The metal also benefited from increased physical demand in China, the world’s largest gold consumer, as the country prepares to celebrate the Lunar New Year holiday on February 19 and 20th. Demand is projected to stay strong at least until the end of the holidays when people exchange gold gifts for good luck.

“The overriding theme for the next 12 months for precious metals is that there’s going to be a lot more liquidity that’s being added to the system via the ECB and the U.S. economy is going to have to continue to outperform in order to attract investment dollars,” said Victor Thianpiriya, analyst at Australia and New Zealand Banking Group, cited by CNBC.
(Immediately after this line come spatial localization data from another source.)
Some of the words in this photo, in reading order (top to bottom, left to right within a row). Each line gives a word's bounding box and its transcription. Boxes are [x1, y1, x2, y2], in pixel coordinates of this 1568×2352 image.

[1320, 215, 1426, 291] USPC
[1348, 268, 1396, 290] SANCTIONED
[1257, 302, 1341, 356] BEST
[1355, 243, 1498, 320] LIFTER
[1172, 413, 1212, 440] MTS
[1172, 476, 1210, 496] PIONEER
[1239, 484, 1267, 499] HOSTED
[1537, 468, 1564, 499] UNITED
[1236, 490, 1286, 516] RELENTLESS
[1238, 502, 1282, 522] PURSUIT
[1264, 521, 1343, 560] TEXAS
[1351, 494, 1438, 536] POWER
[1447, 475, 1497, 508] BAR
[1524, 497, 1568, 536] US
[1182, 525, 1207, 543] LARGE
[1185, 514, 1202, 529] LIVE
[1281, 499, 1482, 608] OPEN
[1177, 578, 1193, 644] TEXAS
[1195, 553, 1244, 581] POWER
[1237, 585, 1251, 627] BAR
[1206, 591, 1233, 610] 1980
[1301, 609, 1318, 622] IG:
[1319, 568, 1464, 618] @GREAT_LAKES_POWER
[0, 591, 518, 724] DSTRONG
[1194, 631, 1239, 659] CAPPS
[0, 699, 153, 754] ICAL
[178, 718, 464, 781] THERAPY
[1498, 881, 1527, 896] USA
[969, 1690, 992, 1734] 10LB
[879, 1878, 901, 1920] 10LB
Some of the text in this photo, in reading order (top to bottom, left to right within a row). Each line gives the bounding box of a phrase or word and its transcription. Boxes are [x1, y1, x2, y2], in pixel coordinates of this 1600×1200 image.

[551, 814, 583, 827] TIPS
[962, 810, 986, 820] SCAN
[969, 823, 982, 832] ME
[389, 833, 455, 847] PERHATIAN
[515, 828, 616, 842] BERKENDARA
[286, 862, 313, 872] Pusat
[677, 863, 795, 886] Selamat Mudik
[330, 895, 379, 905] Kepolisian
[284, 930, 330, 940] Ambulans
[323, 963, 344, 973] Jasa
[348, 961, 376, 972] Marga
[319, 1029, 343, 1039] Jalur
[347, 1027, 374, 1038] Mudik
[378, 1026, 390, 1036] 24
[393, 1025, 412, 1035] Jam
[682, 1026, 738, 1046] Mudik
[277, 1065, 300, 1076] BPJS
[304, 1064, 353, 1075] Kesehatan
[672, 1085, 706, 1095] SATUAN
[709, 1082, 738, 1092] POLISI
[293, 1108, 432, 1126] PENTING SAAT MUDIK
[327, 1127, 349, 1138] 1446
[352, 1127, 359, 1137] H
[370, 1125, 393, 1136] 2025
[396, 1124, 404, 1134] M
Assets in the SPDR Gold Trust, the biggest bullion-backed ETF, edged up 5.67 tons on Thursday to 758.37 tons and headed for their biggest monthly increase since 2011. Changes in holdings typically move gold prices in the same direction.

Copper

The industrial metal rose on Friday but was set to register its worst January since 1988 ahead of this weekends manufacturing data from China, the worlds top metals consumer.

Comex copper for delivery in March traded 1.26% higher at $2.4825 per pound at 10:38 GMT, having shifted in a daily range of $2.4930-$2.4295. The contract fell 1.13% on Thursday to $2.4515 and is down 0.7% for the week.

The metal has been driven lower by a combination of downbeat China data, oil prices tumbling to 6-year lows, as well as downward revisions of global economic growth by the World Bank and the International Monetary Fund.

David Lennox, a resource analyst at Fat Prophets in Sydney, said for Bloomberg: “In the near-term, there’s the ongoing concern that China might put out another set of slow data. We’ve got adequate supply, China slowing, so the price stays weak.”

Chinas National Bureau of Statistics is expected to report this weekend that activity in the manufacturing sector barely grew in January, with the corresponding Manufacturing PMI projected at 50.2, compared to 50.1 in December which was the lowest in 1-1/2 years.

Preliminary private data by HSBC showed last week that the country’s manufacturing sector contracted for a second consecutive month in January, while the statistics agency reported that the Chinese economy expanded by an annualized 7.3% in the fourth quarter, pushing full-year growth down to 7.4% in 2014, the lowest since 1990.

Earlier this week, the statistics bureau said that industrial profits in China grew last year by 3.3%, the slowest growth in records dating back to 2000. The gauge slid for a third month in December, dropping by 8%.

Meanwhile, inventories tracked by the LME rose to 247 450 tons on January 29th, the highest in 9-1/2 months.